Halaman

Minggu, 13 Januari 2013

MENGENAL DIRI

             Mengenal obyek selalu diikuti tingkat seberapa jauh mengenali obyek itu. Mengenal akan mensyaratkan keberadaannya suatu obyek. Obyek akan mudah dikenal jika ia mudah ditangkap oleh panca indra, berujud, bermateri, bebentuk dan berwarna, sampai pada mengenal obyek yang tak berujud, tak bermateri, tak berbentuk dan tak berwarna. Yang terahir ini keberadaannya tak dapat ditangkap oleh panca indra, tapi hanya dapat ditangkap oleh akal.

Obyek kenal yang paling dekat dengan kita adalah diri kita sendiri. Bagaimana kita kenal dengan yang lain jika kita tak mengenal diri. Kita mengenal diri kita karena kita ada. Pemikiran yang sederhana akan mengatakan bahwa, kita ada karena ada yang mengadakan. Inilah pemikiran sehat yang menghantarkan kita untuk mengenal Tuhan sebagai sang Pencipta. Hal ini akan terjadi jika pemikiran kita tidak berhenti pada obyek pengenalan, Jika tidak sampai kapan pun kita tidak akan mengenal Tuhan. Lalu pengetahuan tentang diri yang bagaimana yang menjadi kunci pembuka pengetahuan tentang Tuhan? 

Kita akan menemukan kunci pembuka itu jika kita bertanya: Siapakah kita? Dari mana asal kita dan ke mana tempat kita kembali? Apa tujuan kita hidup? Di manakah kebahagiaan dan kesedihan kita sebenarnya? 

Lebih jauh, bahwa kita sebagai manusia, terdapat sifat-sifat hewan, sifat-sifat setan dan sifat-sifat malaikat. Kita harus temukan mana sifat yang aksidental dan mana yang esensial. 
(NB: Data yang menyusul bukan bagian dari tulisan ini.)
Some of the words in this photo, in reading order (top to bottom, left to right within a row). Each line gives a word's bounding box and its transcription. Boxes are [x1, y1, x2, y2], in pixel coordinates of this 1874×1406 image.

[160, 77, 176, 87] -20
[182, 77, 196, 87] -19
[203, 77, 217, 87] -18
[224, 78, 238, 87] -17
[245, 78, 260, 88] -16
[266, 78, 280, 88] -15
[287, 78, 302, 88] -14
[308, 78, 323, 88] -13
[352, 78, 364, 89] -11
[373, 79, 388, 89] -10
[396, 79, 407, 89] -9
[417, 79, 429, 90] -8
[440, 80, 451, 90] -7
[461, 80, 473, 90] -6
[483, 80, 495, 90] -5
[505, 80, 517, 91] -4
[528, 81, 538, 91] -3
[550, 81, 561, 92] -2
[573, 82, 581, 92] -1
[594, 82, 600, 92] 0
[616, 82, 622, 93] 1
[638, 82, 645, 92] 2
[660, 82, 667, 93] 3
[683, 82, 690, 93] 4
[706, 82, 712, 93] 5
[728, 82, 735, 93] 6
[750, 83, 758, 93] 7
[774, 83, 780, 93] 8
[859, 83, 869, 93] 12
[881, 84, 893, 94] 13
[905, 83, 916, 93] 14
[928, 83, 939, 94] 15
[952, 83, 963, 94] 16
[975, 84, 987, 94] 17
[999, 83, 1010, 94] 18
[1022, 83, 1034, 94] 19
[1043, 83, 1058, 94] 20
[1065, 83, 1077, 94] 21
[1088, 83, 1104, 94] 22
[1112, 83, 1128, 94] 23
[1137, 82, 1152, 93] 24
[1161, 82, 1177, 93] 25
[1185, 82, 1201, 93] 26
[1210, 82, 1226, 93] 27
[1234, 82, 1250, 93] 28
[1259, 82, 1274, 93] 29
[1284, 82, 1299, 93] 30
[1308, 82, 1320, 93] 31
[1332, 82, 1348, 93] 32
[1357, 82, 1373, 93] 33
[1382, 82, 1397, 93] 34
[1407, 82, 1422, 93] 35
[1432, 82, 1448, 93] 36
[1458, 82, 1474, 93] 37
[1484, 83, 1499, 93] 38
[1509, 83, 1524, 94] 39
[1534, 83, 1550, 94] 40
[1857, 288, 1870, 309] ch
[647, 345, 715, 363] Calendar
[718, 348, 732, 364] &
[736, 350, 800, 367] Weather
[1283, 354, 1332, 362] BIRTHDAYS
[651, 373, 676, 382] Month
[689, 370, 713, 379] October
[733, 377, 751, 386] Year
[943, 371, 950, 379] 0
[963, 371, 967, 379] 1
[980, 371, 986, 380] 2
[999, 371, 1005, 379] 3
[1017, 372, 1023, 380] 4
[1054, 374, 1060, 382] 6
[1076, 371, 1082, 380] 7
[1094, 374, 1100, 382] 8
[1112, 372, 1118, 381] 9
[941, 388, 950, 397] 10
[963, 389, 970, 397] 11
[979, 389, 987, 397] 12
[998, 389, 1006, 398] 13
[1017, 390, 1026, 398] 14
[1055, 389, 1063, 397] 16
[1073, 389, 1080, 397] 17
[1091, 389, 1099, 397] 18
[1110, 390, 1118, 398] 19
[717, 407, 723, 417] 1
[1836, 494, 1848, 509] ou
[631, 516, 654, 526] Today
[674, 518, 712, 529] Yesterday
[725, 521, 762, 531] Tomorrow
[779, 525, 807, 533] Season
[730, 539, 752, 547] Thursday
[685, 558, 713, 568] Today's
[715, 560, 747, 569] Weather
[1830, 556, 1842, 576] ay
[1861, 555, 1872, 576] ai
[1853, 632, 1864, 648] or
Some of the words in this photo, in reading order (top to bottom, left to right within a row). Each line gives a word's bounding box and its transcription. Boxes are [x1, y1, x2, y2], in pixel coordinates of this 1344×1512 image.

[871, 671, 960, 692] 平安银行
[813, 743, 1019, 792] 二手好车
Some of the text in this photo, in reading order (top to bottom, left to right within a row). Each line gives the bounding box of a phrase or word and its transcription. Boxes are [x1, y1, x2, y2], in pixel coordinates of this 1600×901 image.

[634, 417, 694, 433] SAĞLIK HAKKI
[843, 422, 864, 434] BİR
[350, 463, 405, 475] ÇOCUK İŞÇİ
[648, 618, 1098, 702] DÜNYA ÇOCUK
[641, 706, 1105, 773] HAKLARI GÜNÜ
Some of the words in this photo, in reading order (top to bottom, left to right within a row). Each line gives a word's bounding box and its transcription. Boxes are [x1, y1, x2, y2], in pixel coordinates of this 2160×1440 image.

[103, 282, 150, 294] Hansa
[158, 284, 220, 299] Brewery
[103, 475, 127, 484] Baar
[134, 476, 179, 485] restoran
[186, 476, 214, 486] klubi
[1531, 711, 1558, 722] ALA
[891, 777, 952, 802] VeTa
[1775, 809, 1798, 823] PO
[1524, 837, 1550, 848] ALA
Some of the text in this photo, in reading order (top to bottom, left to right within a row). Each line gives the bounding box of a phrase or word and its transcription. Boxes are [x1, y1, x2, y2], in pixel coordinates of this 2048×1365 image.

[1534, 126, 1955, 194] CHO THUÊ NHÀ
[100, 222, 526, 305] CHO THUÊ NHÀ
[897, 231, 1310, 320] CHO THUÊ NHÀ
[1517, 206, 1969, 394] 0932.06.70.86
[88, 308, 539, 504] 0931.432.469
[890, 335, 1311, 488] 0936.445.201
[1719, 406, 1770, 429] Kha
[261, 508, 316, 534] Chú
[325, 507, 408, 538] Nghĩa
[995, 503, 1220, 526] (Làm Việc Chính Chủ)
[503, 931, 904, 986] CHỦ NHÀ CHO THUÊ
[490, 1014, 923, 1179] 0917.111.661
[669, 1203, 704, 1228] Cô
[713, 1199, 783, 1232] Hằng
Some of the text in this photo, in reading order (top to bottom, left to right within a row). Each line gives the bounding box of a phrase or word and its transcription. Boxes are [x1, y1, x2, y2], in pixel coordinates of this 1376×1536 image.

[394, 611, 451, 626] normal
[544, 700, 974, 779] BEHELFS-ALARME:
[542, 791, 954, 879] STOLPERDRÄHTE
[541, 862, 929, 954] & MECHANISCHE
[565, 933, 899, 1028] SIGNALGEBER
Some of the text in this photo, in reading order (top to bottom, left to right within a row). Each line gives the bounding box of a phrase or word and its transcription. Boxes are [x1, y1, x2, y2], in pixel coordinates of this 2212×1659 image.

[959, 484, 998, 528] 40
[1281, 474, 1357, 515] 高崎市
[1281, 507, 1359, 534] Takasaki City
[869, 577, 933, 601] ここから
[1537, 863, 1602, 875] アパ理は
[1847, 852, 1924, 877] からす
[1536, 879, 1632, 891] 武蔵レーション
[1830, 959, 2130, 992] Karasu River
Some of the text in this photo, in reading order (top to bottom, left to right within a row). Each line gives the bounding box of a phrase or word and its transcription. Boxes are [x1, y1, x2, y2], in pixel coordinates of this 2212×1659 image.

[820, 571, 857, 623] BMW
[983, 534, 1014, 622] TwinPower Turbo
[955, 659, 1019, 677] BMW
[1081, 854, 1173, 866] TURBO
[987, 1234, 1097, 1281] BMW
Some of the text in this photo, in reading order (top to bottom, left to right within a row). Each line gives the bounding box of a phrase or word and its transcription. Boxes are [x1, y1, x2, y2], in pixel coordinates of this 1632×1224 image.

Hewan hidupnya cenderung untuk makan, tidur, memuaskan sex dan berkelahi. Setan selalu sibuk menyebarkan kejahatan, kebohongan dan kesombongan. Malaikat tak ada hentinya nerenungkan keindahan Tuhan, bebas dari kwalitas- kwalitas hewan atau setan. Ketiga kwalitas ini ada dalam diri kita, mana yang harus kita kembangkan dan mana yang harus kita tekan agar ada satu kwalitas yang lebih dominan. Tentu sifat terpuji yang harus kita kembangkan dan menjauhi sifat hewan atau setan. 

Lain dari itu, kita terdiri dari jasad dan ruh (hati). Ruh datang ke dunia ini ibarat pelancong yang mengunjungi suatu negeri untuk berniaga yang pada ahirnya kembali ke kampung asalnya. 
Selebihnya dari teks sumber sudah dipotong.